Instructions to follow: All the records below must be returned exactly as they stand.

[Entries taken from a collection]
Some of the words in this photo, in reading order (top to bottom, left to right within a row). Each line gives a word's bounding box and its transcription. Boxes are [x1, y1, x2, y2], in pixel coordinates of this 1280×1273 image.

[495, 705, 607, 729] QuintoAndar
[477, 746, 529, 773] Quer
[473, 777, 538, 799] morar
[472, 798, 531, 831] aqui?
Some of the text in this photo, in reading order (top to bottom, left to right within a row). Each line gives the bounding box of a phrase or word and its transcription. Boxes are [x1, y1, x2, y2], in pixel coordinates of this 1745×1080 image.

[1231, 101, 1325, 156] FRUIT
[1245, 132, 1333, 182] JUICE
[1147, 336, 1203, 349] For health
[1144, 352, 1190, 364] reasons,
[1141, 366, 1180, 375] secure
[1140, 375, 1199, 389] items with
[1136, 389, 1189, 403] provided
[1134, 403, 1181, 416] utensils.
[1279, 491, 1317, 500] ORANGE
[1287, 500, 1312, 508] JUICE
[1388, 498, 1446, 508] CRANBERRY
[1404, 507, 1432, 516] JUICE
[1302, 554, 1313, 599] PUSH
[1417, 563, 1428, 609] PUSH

Exercise output:
Some of the words in this photo, in reading order (top to bottom, left to right within a row). Each line gives a word's bounding box and its transcription. Boxes are [x1, y1, x2, y2], in pixel coordinates of this 1280×1273 image.

[495, 705, 607, 729] QuintoAndar
[477, 746, 529, 773] Quer
[473, 777, 538, 799] morar
[472, 798, 531, 831] aqui?
Some of the text in this photo, in reading order (top to bottom, left to right within a row). Each line gives the bounding box of a phrase or word and its transcription. Boxes are [x1, y1, x2, y2], in pixel coordinates of this 1745×1080 image.

[1231, 101, 1325, 156] FRUIT
[1245, 132, 1333, 182] JUICE
[1147, 336, 1203, 349] For health
[1144, 352, 1190, 364] reasons,
[1141, 366, 1180, 375] secure
[1140, 375, 1199, 389] items with
[1136, 389, 1189, 403] provided
[1134, 403, 1181, 416] utensils.
[1279, 491, 1317, 500] ORANGE
[1287, 500, 1312, 508] JUICE
[1388, 498, 1446, 508] CRANBERRY
[1404, 507, 1432, 516] JUICE
[1302, 554, 1313, 599] PUSH
[1417, 563, 1428, 609] PUSH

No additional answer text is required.